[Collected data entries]
——————————

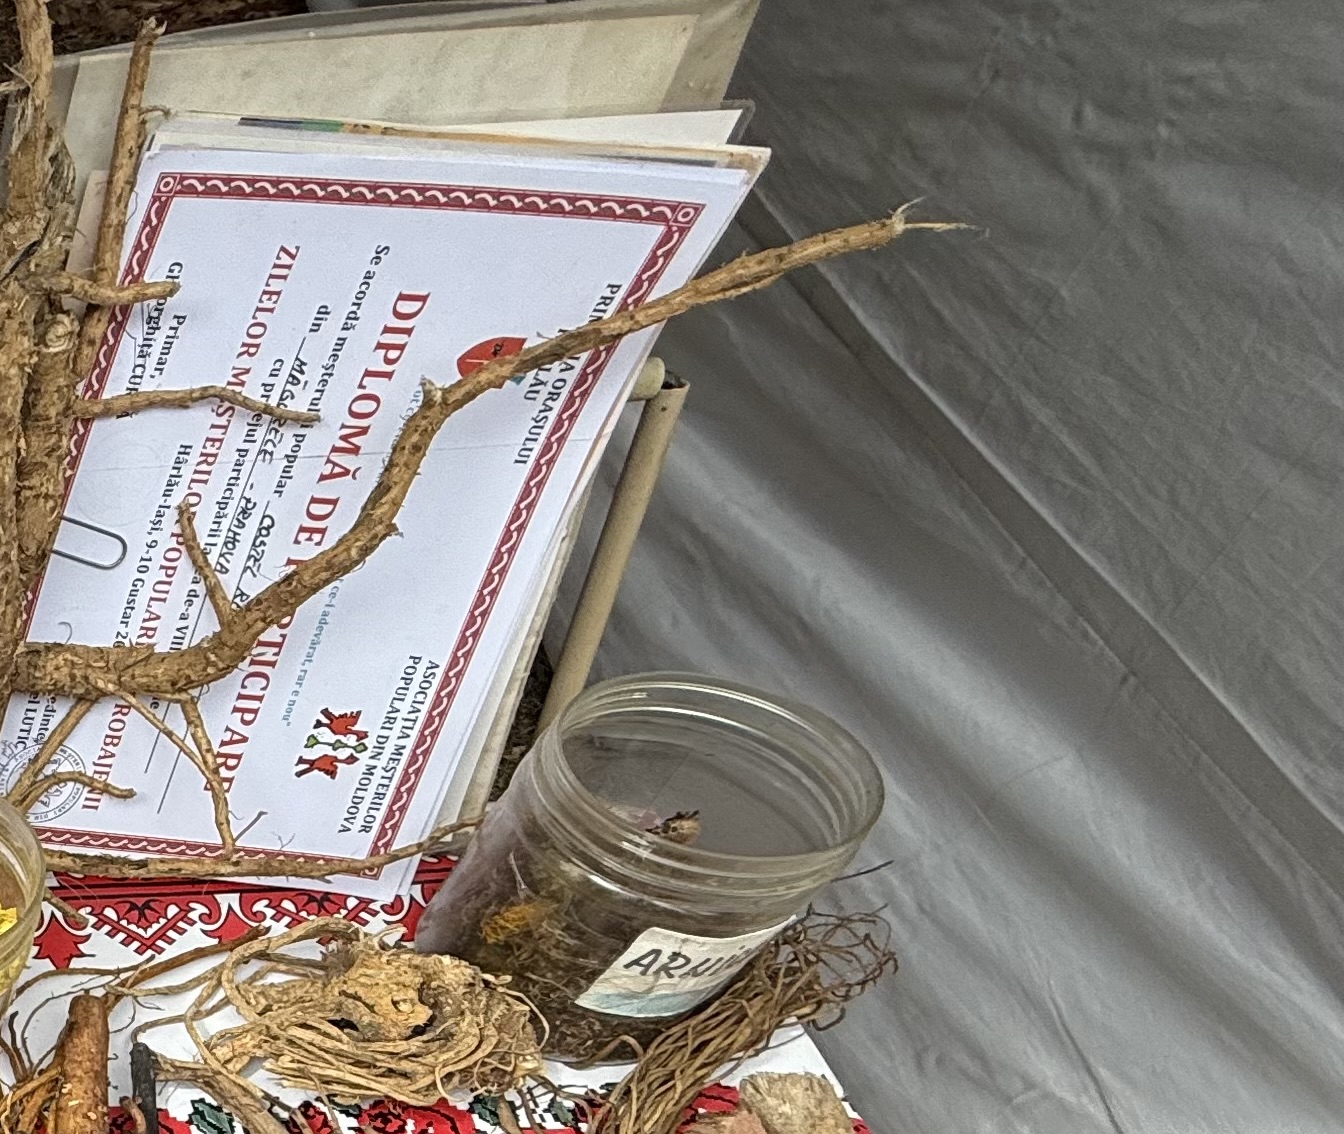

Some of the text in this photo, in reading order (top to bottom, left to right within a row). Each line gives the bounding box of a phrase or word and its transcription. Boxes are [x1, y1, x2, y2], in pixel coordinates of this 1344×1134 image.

[370, 244, 390, 266] Se
[236, 245, 300, 359] ZILELOR
[309, 304, 331, 334] din
[341, 269, 376, 331] acordă
[150, 314, 188, 379] Primar,
[268, 358, 284, 379] cu
[244, 383, 276, 444] prejul
[293, 290, 430, 547] DIPLOMĂ DE
[513, 378, 567, 465] ORAȘULUI
[273, 433, 307, 498] popular
[119, 577, 146, 626] Gustar
[337, 654, 423, 834] POPULARI DIN MOLDOVA
[358, 744, 406, 834] MEȘTERILOR
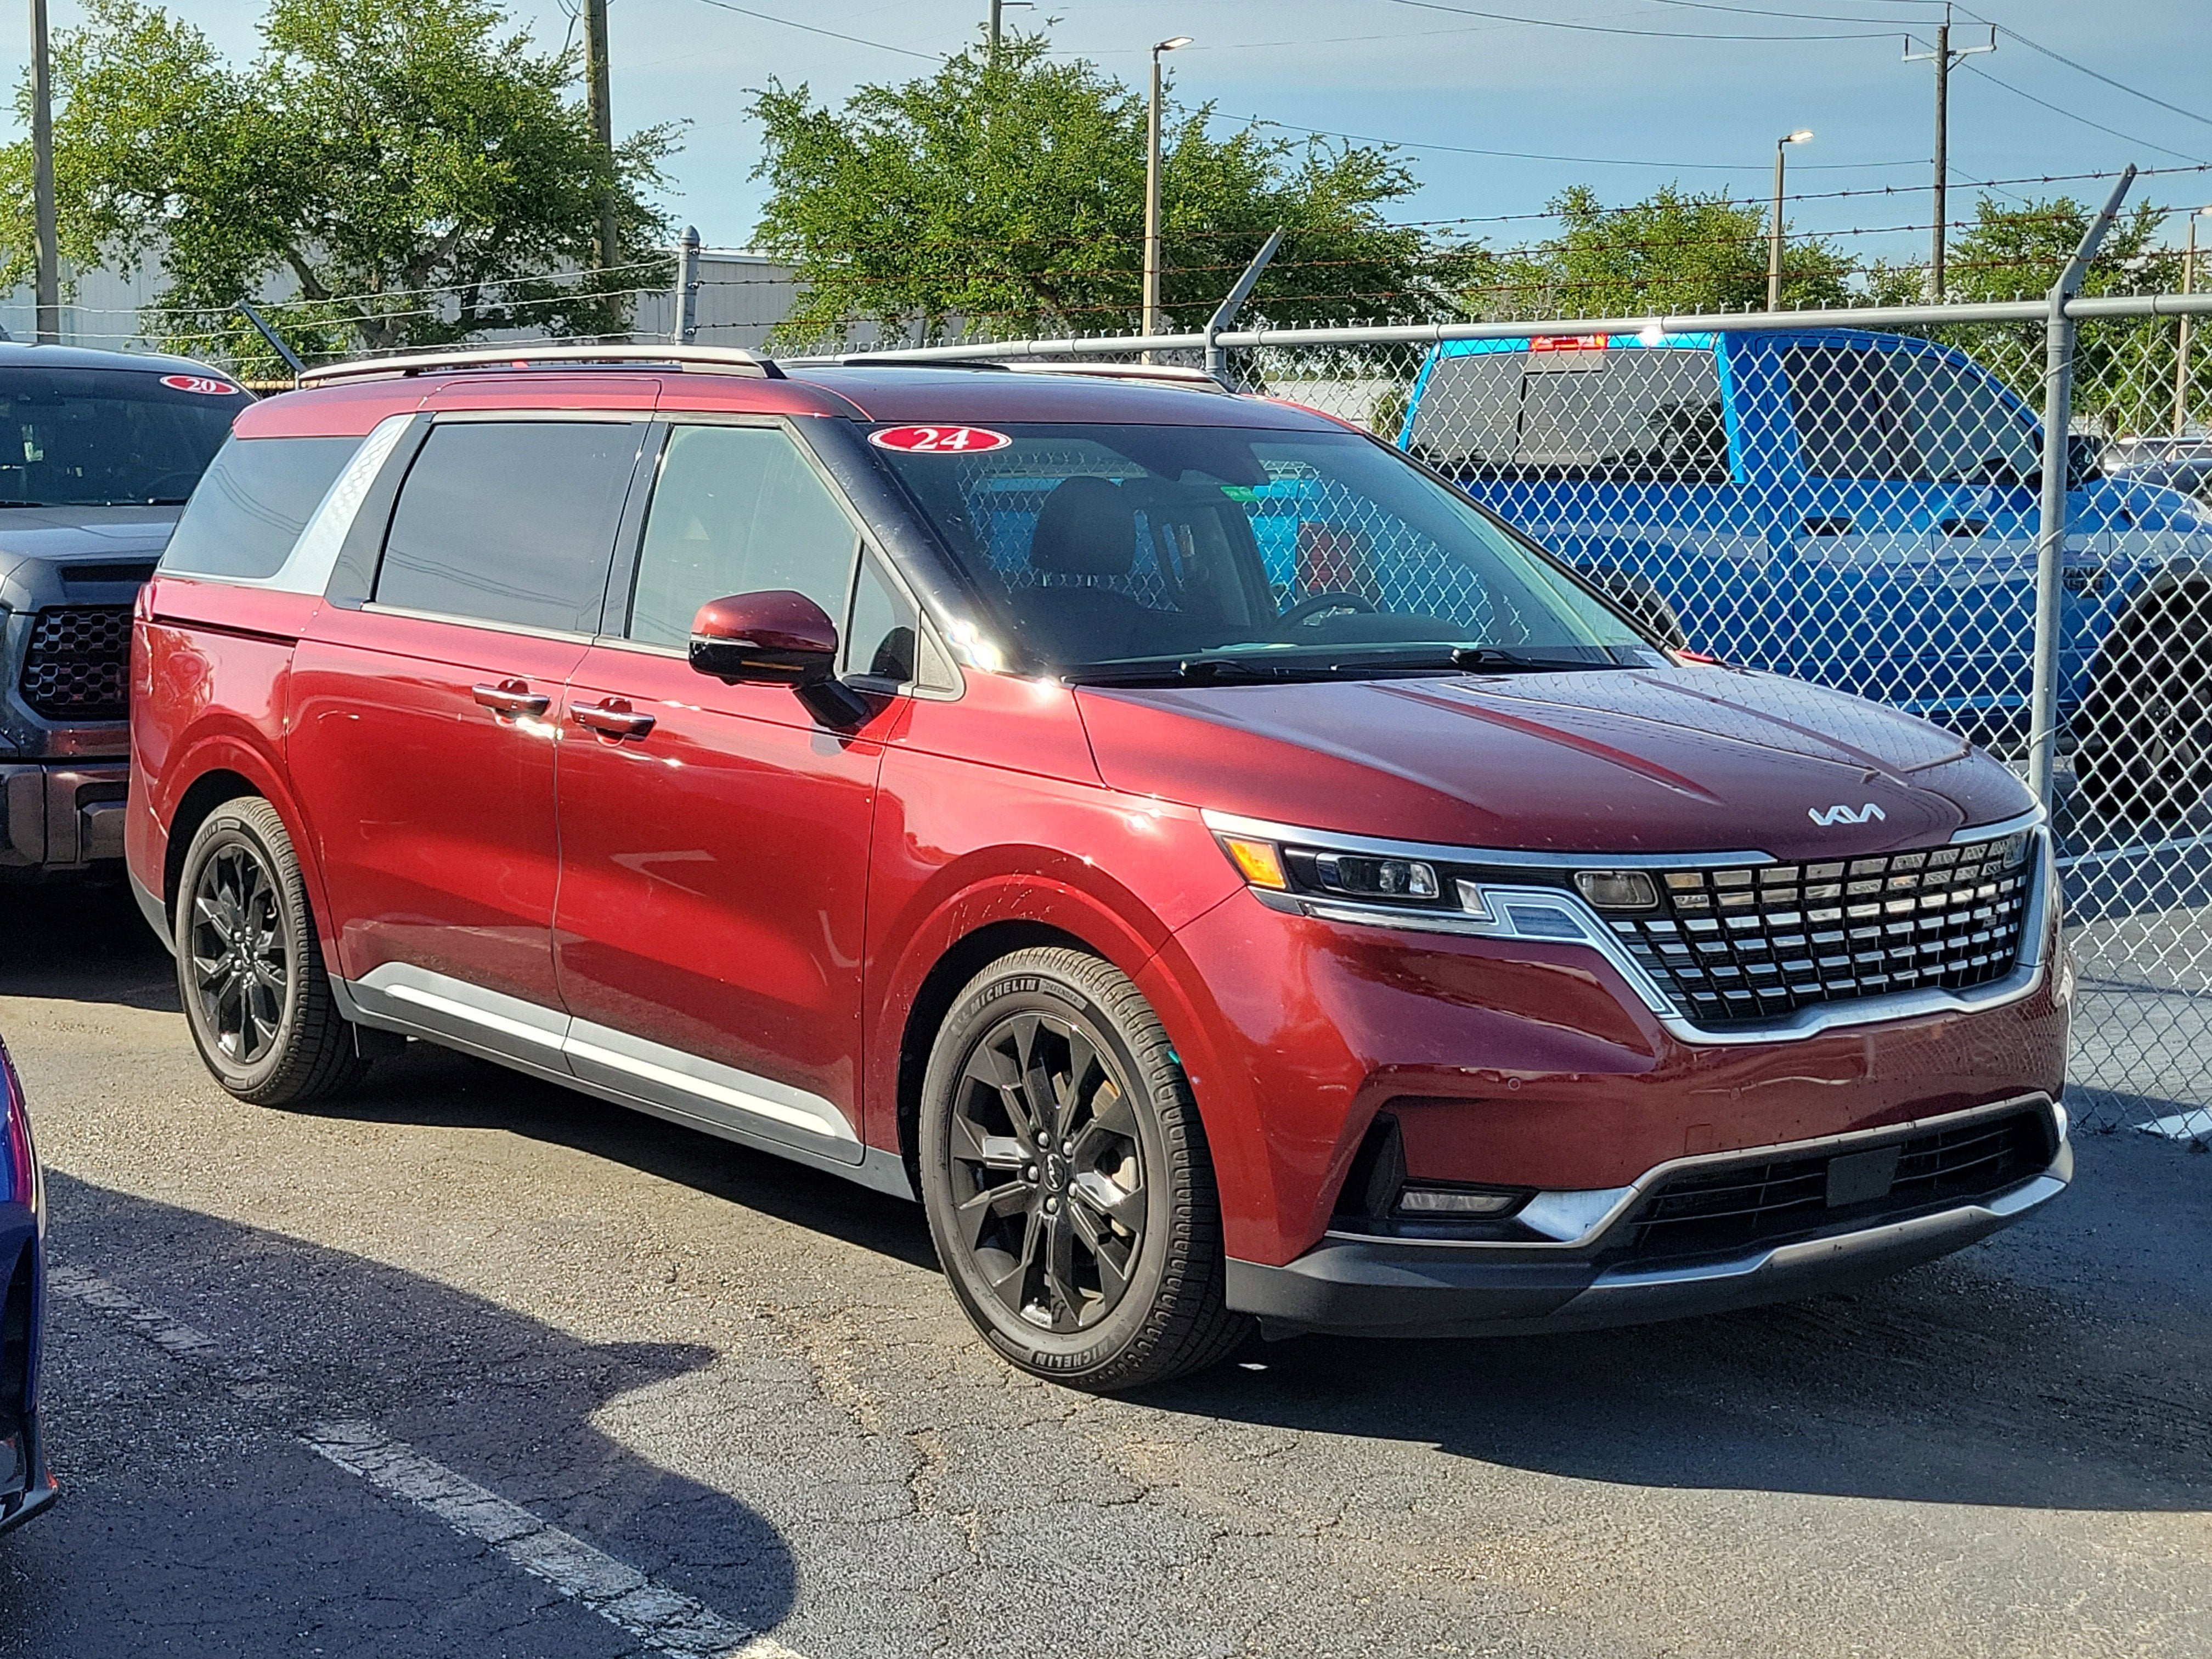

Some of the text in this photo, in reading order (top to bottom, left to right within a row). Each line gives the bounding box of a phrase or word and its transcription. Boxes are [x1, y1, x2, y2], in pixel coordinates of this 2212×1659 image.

[187, 379, 217, 392] 20
[910, 428, 970, 450] 24
[1808, 803, 1886, 826] KIA
[970, 979, 1036, 1014] MICHELIN
[1036, 1339, 1108, 1368] MICHELIN

——————————

**PROBLEM DESCRIPTION:** Pictures do not belong in the copy. Reproduce the rest of the data exactly.

**RESPONSE BELOW:**
Some of the text in this photo, in reading order (top to bottom, left to right within a row). Each line gives the bounding box of a phrase or word and its transcription. Boxes are [x1, y1, x2, y2], in pixel coordinates of this 1344×1134 image.

[370, 244, 390, 266] Se
[236, 245, 300, 359] ZILELOR
[309, 304, 331, 334] din
[341, 269, 376, 331] acordă
[150, 314, 188, 379] Primar,
[268, 358, 284, 379] cu
[244, 383, 276, 444] prejul
[293, 290, 430, 547] DIPLOMĂ DE
[513, 378, 567, 465] ORAȘULUI
[273, 433, 307, 498] popular
[119, 577, 146, 626] Gustar
[337, 654, 423, 834] POPULARI DIN MOLDOVA
[358, 744, 406, 834] MEȘTERILOR

Some of the text in this photo, in reading order (top to bottom, left to right within a row). Each line gives the bounding box of a phrase or word and its transcription. Boxes are [x1, y1, x2, y2], in pixel coordinates of this 2212×1659 image.

[187, 379, 217, 392] 20
[910, 428, 970, 450] 24
[1808, 803, 1886, 826] KIA
[970, 979, 1036, 1014] MICHELIN
[1036, 1339, 1108, 1368] MICHELIN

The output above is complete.